As America celebrates the 200th anniversary of Abraham Lincoln's birth in 1809, it is worth recalling that Lincoln was a famous and busy lawyer before he was President. Yesterday I came across his statement about the profession:


Good thoughts to take into the weekend.

Tuesday, May 5, 2009

The New Chief Judge

As the speculation grows as to who will be Justice Souter's successor on the Supreme Court, of more immediate concern to New Yorkers and members of the New York Bar is the state's new Chief Judge, Jonathan Lippman.
While Chief Judge Lippman has been sitting on the Court of Appeals for only three months, his rulings and public pronouncements already offer a glimpse of what lies ahead.
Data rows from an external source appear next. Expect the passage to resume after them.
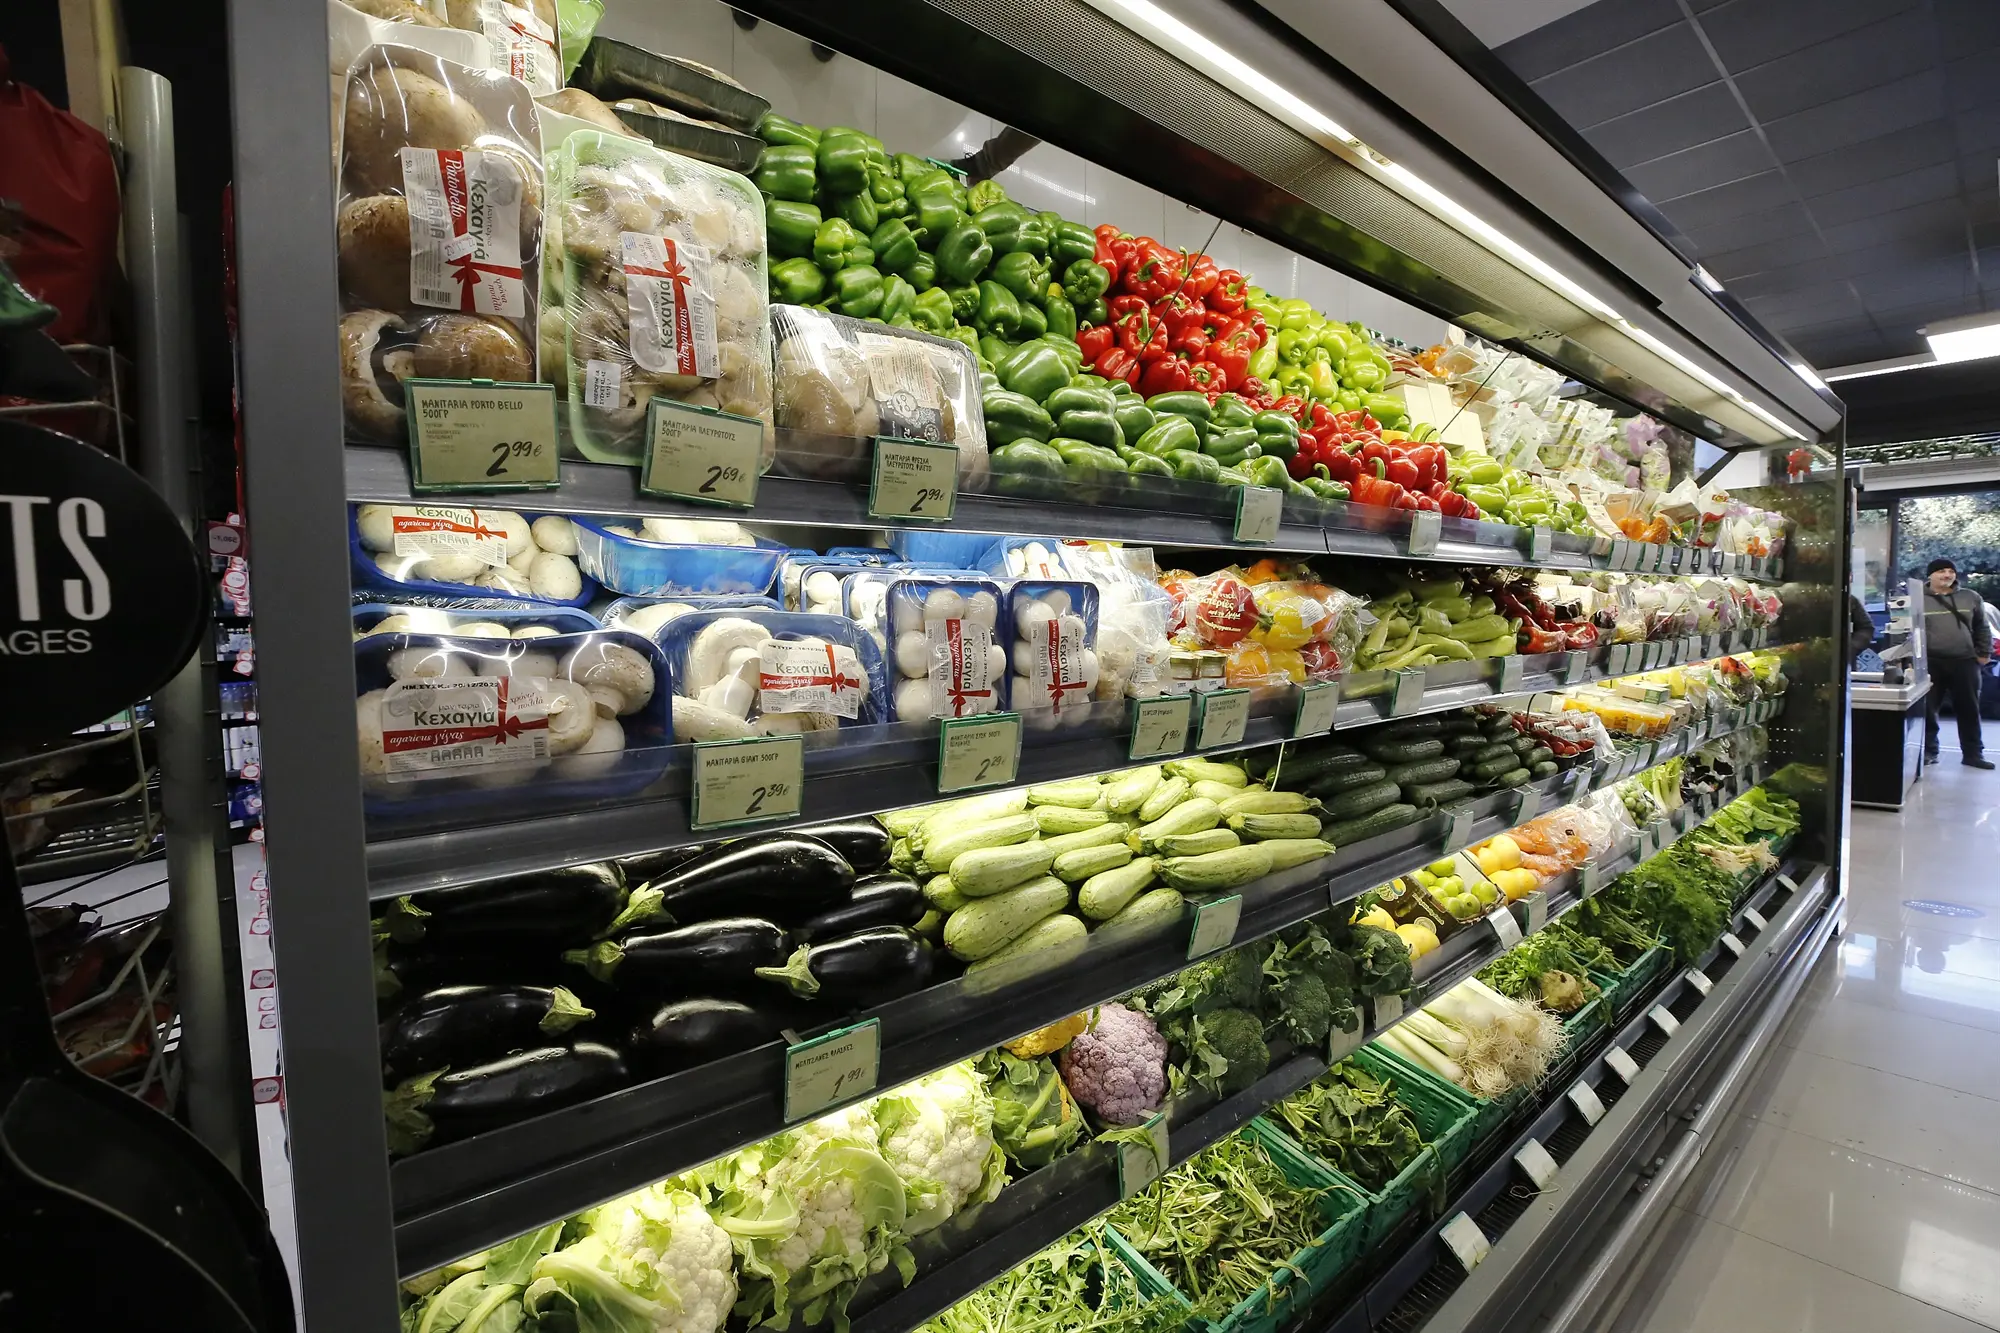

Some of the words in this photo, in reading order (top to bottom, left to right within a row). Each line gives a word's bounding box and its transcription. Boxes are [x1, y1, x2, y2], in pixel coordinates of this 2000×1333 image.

[444, 155, 467, 218] Portobello
[469, 178, 490, 260] Κεχαγιά
[657, 279, 675, 349] Κεχαγιά
[470, 399, 496, 410] PORTO
[497, 400, 524, 411] BELLO
[415, 506, 472, 525] Κεχαγιά
[0, 628, 93, 655] GES
[775, 663, 830, 676] Κεχαγιά
[962, 638, 974, 690] Κεχαγιά
[1060, 635, 1071, 684] Κεχαγιά
[413, 707, 496, 727] Κεχαγιά
[741, 755, 759, 764] GIANT
Cases: it appears that the Chief Judge will not be shy about dissenting. The first day on which his name appeared on a full opinion--March 31, 2009--he and Judge Jones joined Judge Ciparick's dissent in People v. Kalin, in which the majority made it easier for criminal complaints to state a prima facie case.
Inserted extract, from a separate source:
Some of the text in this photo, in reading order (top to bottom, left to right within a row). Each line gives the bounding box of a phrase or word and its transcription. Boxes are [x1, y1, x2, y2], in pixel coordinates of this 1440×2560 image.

That same day Chief Judge Lippman wrote the majority opinion holding that in a civil case it is reversible error--not subject to harmless error analysis--for a trial judge to refuse a request to poll a jury after it announces its verdict. The decision (Duffy v. Vogel) is a thoughtful statement on the importance of the jury poll.

Since March 31st Chief Judge Lippman has been the author of two more opinions, both criminal cases: In People v. Goldstein he wrote for a unanimous court in rejecting a claim that the defendant was not adequately informed of the consequences of his guilty plea; and in People v. Borrell (decided today) he wrote for the majority that the defendant was not denied the effective assistance of appellate counsel. The Borrell opinion is notable for its frankness in acknowledging that the standard for the effective assistance of appellate counsel is not very demanding, a conclusion that will be disheartening for those of us who think the courts have not been demanding enough in assessing the constitutional effectiveness of counsel in criminal cases.
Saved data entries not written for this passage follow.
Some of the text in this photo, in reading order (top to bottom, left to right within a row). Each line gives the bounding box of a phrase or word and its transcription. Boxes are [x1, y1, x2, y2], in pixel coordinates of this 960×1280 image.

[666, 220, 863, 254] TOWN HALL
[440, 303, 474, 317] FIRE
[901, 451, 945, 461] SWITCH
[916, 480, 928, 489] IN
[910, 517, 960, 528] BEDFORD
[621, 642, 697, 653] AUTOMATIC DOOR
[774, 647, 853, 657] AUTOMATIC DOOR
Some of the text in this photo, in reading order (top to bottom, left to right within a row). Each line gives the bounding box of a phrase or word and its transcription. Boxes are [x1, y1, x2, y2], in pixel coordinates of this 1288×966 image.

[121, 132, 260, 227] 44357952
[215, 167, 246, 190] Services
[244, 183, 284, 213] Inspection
On the civil side, Chief Judge Lippman has not authored any other full opinion except for the jury poll case. He did, however, join Judge Pigott's dissent from the grant of summary judgment against an injured worker (Ferluckaj v. Goldman Sachs & Co.); he joined Judge Ciparick's dissent from a ruling which absolved a town of liability for a personal injury because notice of the sidewalk defect was not filed with the correct town official; and he joined Judge Pigott's majority opinion in Passante v. Agway Consumer Products, Inc. which the three dissenters claim has rewritten New York's product liability law.

At the time of his selection as Chief Judge the conventional wisdom was that Chief Judge Lippman would be one liberal vote replacing the liberal vote of outgoing Chief Judge Kaye. The early signs suggest that he will be more liberal than Chief Judge Kaye, and not hesitant to dissent.

Public Pronouncements: since his elevation to Chief Judge, there has been a flurry of announcements on a variety of administrative and substantve matters. Two are of particular note.

First, the Chief Judge has stated he wants to examine why the Court of Appeals grants so few criminal leave applications. For example, in 2006 there were 2,436 applications, and the judges of the Court granted 53 applications, or approximately 2% of the requests. The Bar has long complained that too few criminal cases are accepted by the Court, and the new Chief Judge's interest in the matter is welcome.

Also welcome, is the announcement that the Chief Judge is creating a commission on wrongful convictions. The fact that the Chief Judge has expressed such a concern so early in his tenure sends an important message--but only time will disclose whether the incidence of wrongful convictions will change.